[REQUIREMENT] Transcribe the data exactly, pictures excluded.

[DATA EXTRACTS]
───
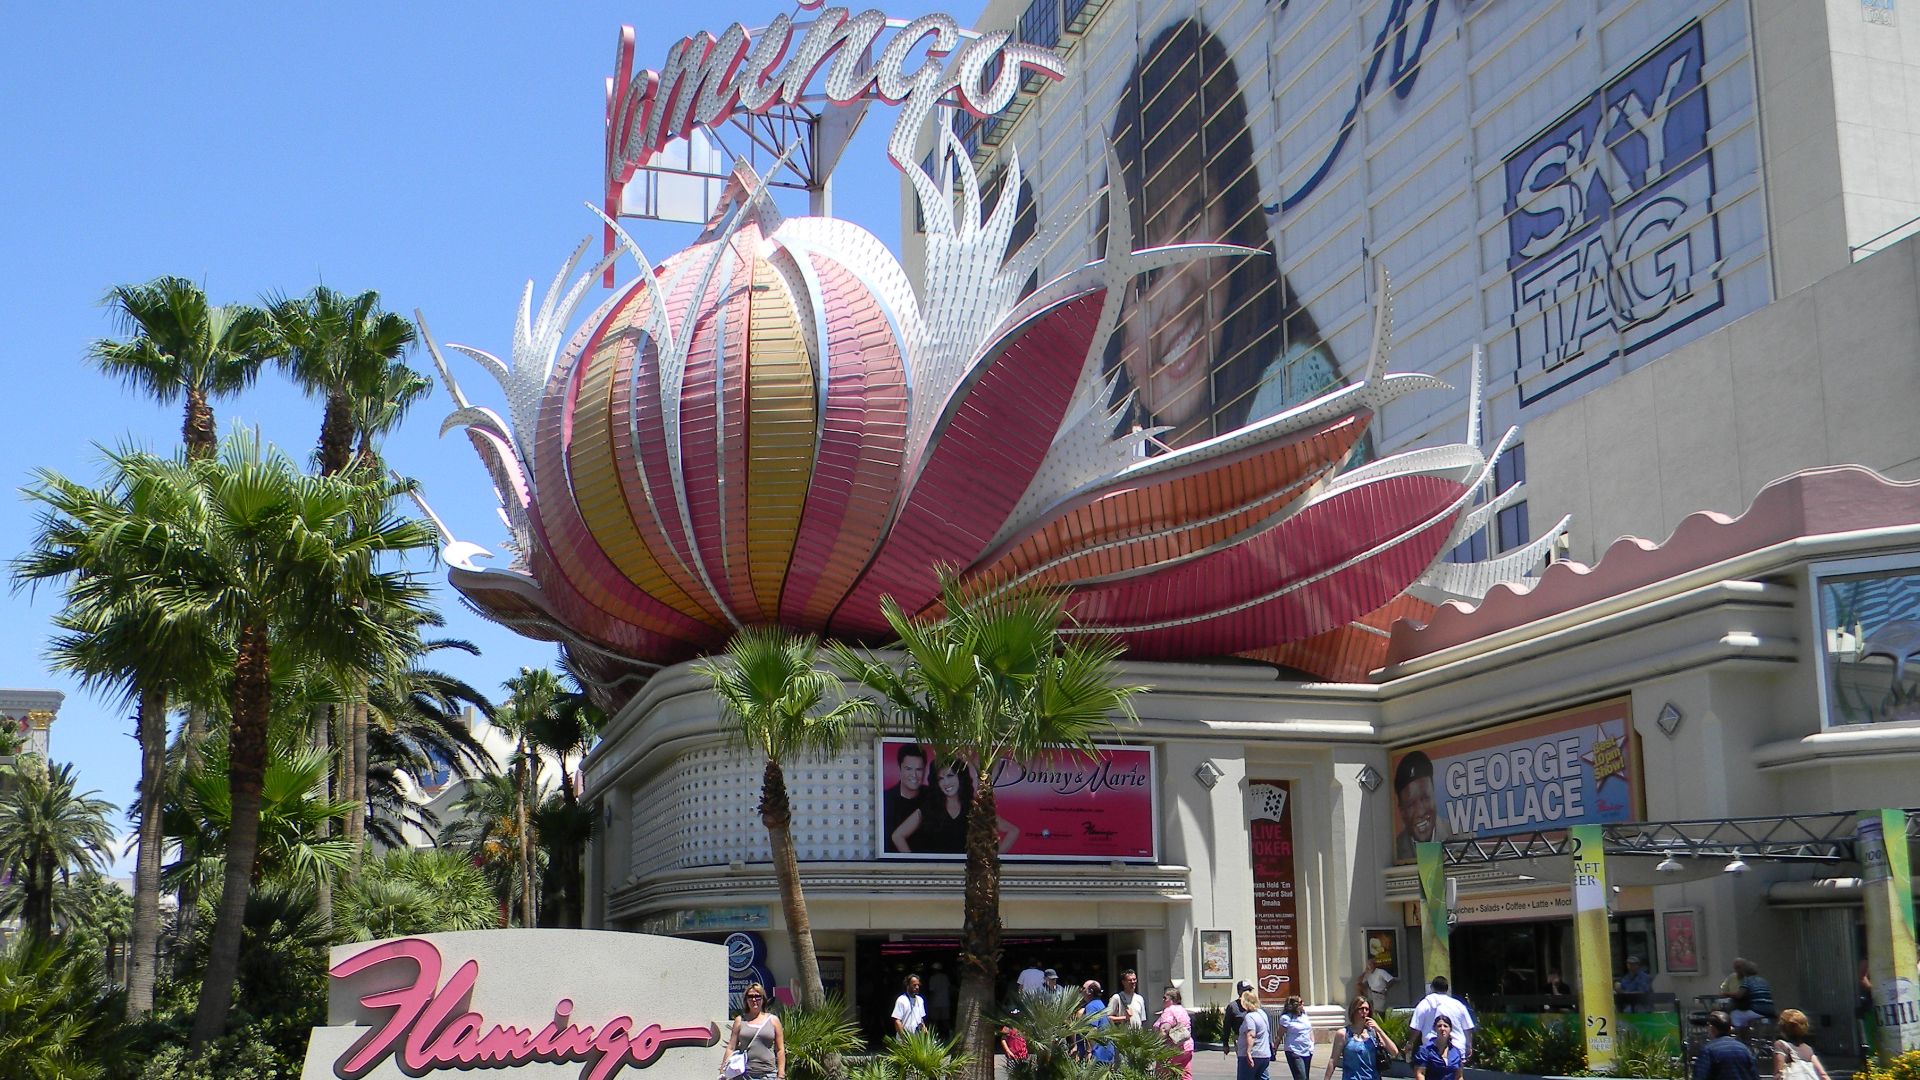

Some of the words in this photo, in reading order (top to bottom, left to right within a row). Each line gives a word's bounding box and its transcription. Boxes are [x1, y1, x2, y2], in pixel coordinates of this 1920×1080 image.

[1515, 48, 1691, 258] SKY
[1521, 197, 1692, 373] TAG
[992, 758, 1073, 791] Donny
[1051, 760, 1146, 795] Marie
[1074, 772, 1083, 784] &
[1445, 737, 1582, 798] GEORGE
[1445, 777, 1585, 836] WALLACE
[1252, 824, 1282, 840] LIVE
[1253, 841, 1291, 856] OKER
[1574, 875, 1596, 886] ER
[1575, 862, 1601, 873] AFT
[1479, 903, 1500, 913] Salads
[1505, 901, 1527, 911] Coffee
[1532, 900, 1549, 909] Latte
[1555, 898, 1572, 907] Moc
[329, 939, 718, 1080] Flamingo
───
[TASK SOLUTION]
Some of the words in this photo, in reading order (top to bottom, left to right within a row). Each line gives a word's bounding box and its transcription. Boxes are [x1, y1, x2, y2], in pixel coordinates of this 1920×1080 image.

[1515, 48, 1691, 258] SKY
[1521, 197, 1692, 373] TAG
[992, 758, 1073, 791] Donny
[1051, 760, 1146, 795] Marie
[1074, 772, 1083, 784] &
[1445, 737, 1582, 798] GEORGE
[1445, 777, 1585, 836] WALLACE
[1252, 824, 1282, 840] LIVE
[1253, 841, 1291, 856] OKER
[1574, 875, 1596, 886] ER
[1575, 862, 1601, 873] AFT
[1479, 903, 1500, 913] Salads
[1505, 901, 1527, 911] Coffee
[1532, 900, 1549, 909] Latte
[1555, 898, 1572, 907] Moc
[329, 939, 718, 1080] Flamingo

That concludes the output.